The server provisioning functionality is provided by the WildFly Maven Plugin, and you may find its configuration in the quickstart pom.xml
:
<profile>
<id>openshift</id>
<build>
<plugins>
<plugin>
<groupId>org.wildfly.plugins</groupId>
<artifactId>wildfly-maven-plugin</artifactId>
<configuration>
<discover-provisioning-info>
<version>${version.server}</version>
<context>cloud</context>
</discover-provisioning-info>
<add-ons>...</add-ons>
</configuration>
<executions>
<execution>
<goals>
<goal>package</goal>
</goals>
</execution>
</executions>
</plugin>
...
</plugins>
</build>
</profile>
You may note that unlike the provisioned-server
profile it uses the cloud context which enables a configuration tuned for OpenShift environment.
The plugin uses WildFly Glow to discover the feature packs and layers required to run the application, and provisions a server containing those layers.
If you get an error or the server is missing some functionality which cannot be auto-discovered, you can download the WildFly Glow CLI and run the following command to see more information about what add-ons are available:
wildfly-glow show-add-ons
This section contains the basic instructions to build and deploy this quickstart to WildFly for OpenShift or WildFly for OpenShift Online using Helm Charts.
-
You must be logged in OpenShift and have an
oc
client to connect to OpenShift -
Helm must be installed to deploy the backend on OpenShift.
Once you have installed Helm, you need to add the repository that provides Helm Charts for WildFly.
$ helm repo add wildfly https://docs.wildfly.org/wildfly-charts/
"wildfly" has been added to your repositories
$ helm search repo wildfly
NAME CHART VERSION APP VERSION DESCRIPTION
wildfly/wildfly ... ... Build and Deploy WildFly applications on OpenShift
wildfly/wildfly-common ... ... A library chart for WildFly-based applications
Log in to your OpenShift instance using the oc login
command.
The backend will be built and deployed on OpenShift with a Helm Chart for WildFly.
Navigate to the root directory of this quickstart and run the following command:
$ helm install bmt -f charts/helm.yaml wildfly/wildfly --wait --timeout=10m0s
NAME: bmt
...
STATUS: deployed
REVISION: 1
This command will return once the application has successfully deployed. In case of a timeout, you can check the status of the application with the following command in another terminal:
oc get deployment bmt
The Helm Chart for this quickstart contains all the information to build an image from the source code using S2I on Java 17:
build:
uri: https://github.com/wildfly/quickstart.git
ref: main
contextDir: bmt
deploy:
replicas: 1
This will create a new deployment on OpenShift and deploy the application.
If you want to see all the configuration elements to customize your deployment you can use the following command:
$ helm show readme wildfly/wildfly
Get the URL of the route to the deployment.

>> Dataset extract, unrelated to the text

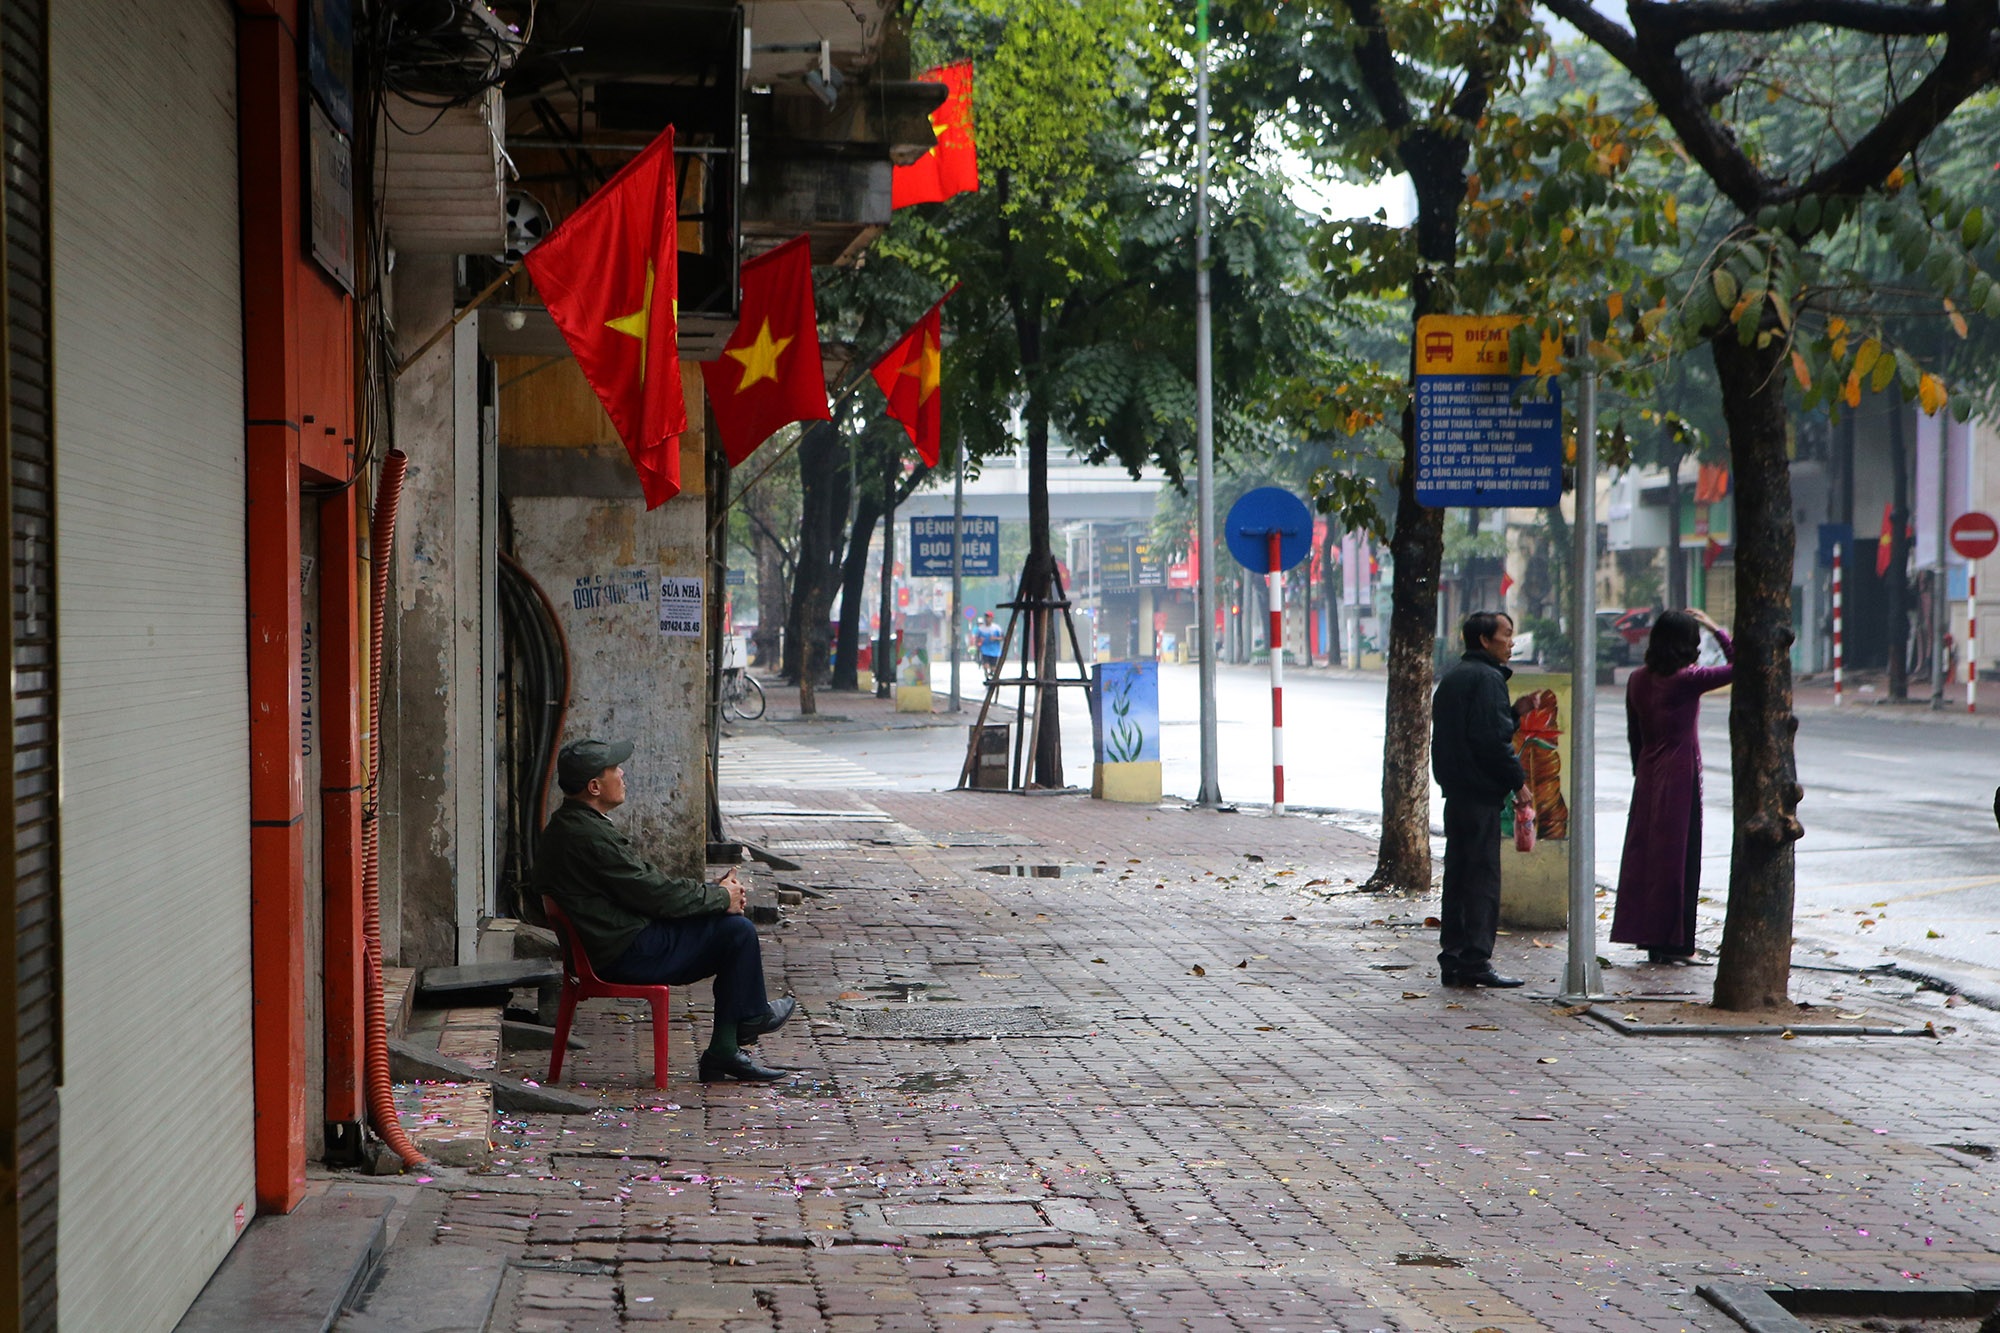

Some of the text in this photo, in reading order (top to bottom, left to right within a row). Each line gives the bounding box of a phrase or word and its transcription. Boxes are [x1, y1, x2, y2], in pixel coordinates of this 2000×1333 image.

[1477, 351, 1494, 363] XE
[915, 518, 996, 538] BỆNH VIỆN
[661, 579, 680, 598] SỬA

$ oc get route bmt -o jsonpath="{.spec.host}"
Access the application in your web browser using the displayed URL.
The integration tests included with this quickstart, which verify that the quickstart runs correctly, may also be run with the quickstart running on OpenShift.
Note
|
The integration tests expect a deployed application, so make sure you have deployed the quickstart on OpenShift before you begin. |
Run the integration tests using the following command to run the verify
goal with the integration-testing
profile activated and the proper URL:
$ mvn verify -Pintegration-testing -Dserver.host=https://$(oc get route bmt --template='{{ .spec.host }}')
Note
|
The tests are using SSL to connect to the quickstart running on OpenShift. So you need the certificates to be trusted by the machine the tests are run from. |
For Kubernetes, the build with Apache Maven uses an openshift
Maven profile to provision a WildFly server, suitable for running on Kubernetes.

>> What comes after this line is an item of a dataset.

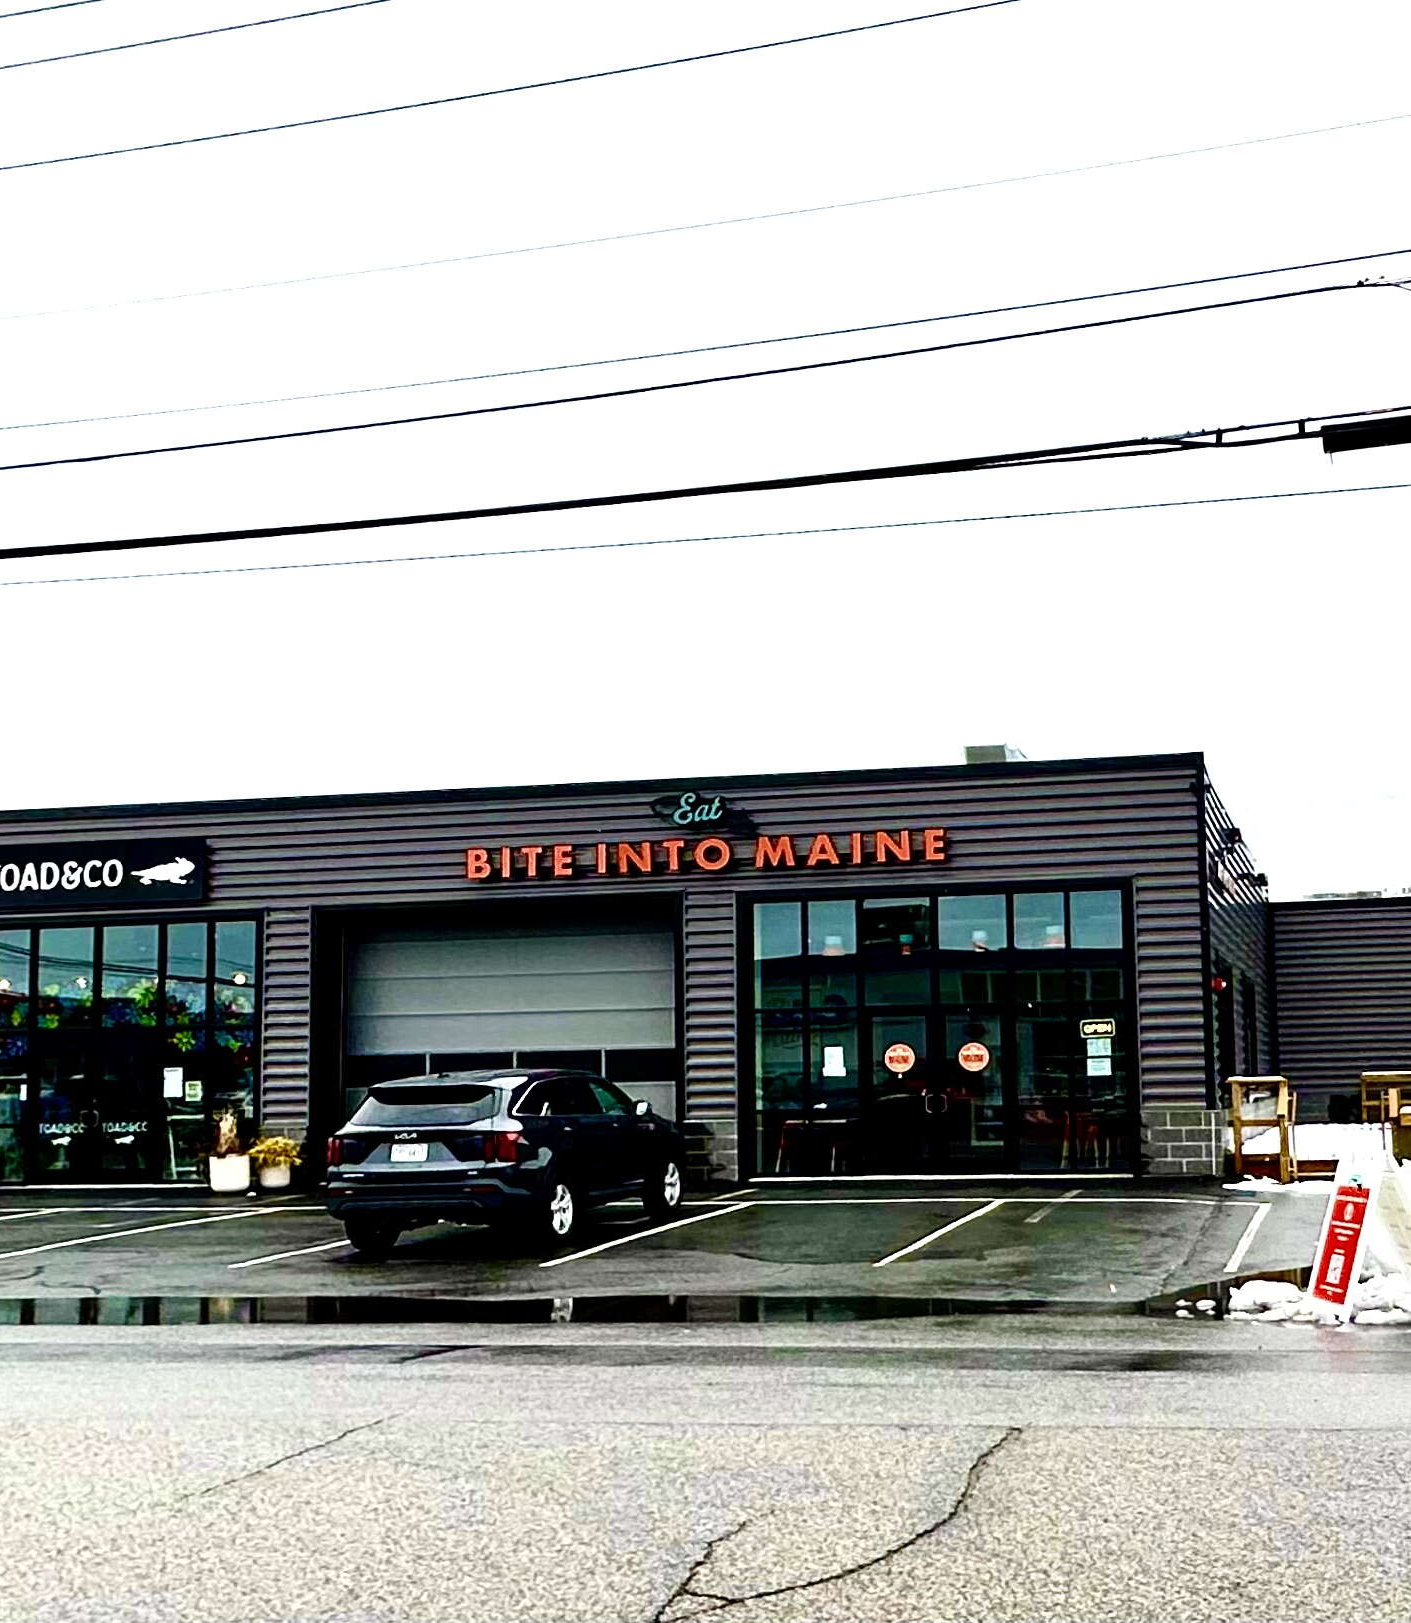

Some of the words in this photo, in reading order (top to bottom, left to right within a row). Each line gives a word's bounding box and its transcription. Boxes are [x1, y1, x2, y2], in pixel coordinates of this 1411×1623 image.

[673, 792, 724, 825] Eat
[466, 846, 574, 880] BITE
[596, 838, 731, 875] INTO
[754, 829, 946, 869] MAINE

The server provisioning functionality is provided by the WildFly Maven Plugin, and you may find its configuration in the quickstart pom.xml
:
<profile>
<id>openshift</id>
<build>
<plugins>
<plugin>
<groupId>org.wildfly.plugins</groupId>
<artifactId>wildfly-maven-plugin</artifactId>
<configuration>
<discover-provisioning-info>
<version>${version.server}</version>
<context>cloud</context>
</discover-provisioning-info>
<add-ons>...</add-ons>
</configuration>
<executions>
<execution>
<goals>
<goal>package</goal>
</goals>
</execution>
</executions>
</plugin>
...
</plugins>
</build>
</profile>
You may note that unlike the provisioned-server
profile it uses the cloud context which enables a configuration tuned for Kubernetes environment.
The plugin uses WildFly Glow to discover the feature packs and layers required to run the application, and provisions a server containing those layers.

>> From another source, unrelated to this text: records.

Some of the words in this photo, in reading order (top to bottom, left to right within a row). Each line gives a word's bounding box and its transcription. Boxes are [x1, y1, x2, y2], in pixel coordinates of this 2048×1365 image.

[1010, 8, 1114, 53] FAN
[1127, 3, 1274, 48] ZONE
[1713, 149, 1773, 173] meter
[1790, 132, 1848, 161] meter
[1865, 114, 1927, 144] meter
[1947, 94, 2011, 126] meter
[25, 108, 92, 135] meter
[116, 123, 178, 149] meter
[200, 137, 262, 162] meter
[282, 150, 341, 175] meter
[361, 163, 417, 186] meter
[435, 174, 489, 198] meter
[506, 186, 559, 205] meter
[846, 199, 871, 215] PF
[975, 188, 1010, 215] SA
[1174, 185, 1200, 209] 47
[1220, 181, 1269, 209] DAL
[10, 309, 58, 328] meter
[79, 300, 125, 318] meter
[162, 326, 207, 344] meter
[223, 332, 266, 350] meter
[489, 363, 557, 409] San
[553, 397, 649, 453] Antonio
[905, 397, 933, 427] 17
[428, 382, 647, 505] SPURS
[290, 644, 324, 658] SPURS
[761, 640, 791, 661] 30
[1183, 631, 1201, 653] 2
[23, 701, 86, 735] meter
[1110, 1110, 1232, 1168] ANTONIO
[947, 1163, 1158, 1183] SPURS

If you get an error or the server is missing some functionality which cannot be auto-discovered, you can download the WildFly Glow CLI and run the following command to see more information about what add-ons are available:
wildfly-glow show-add-ons
This section contains the basic instructions to build and deploy this quickstart to Kubernetes using Helm Charts.
In this example we are using Minikube as our Kubernetes provider. See the Minikube Getting Started guide for how to install it. After installing it, we start it with 4GB of memory.
minikube start --memory='4gb'
The above command should work if you have Docker installed on your machine. If, you are using Podman instead of Docker, you will also need to pass in --driver=podman
, as covered in the Minikube documentation.
Once Minikube has started, we need to enable its registry since that is where we will push the image needed to deploy the quickstart, and where we will tell the Helm charts to download it from.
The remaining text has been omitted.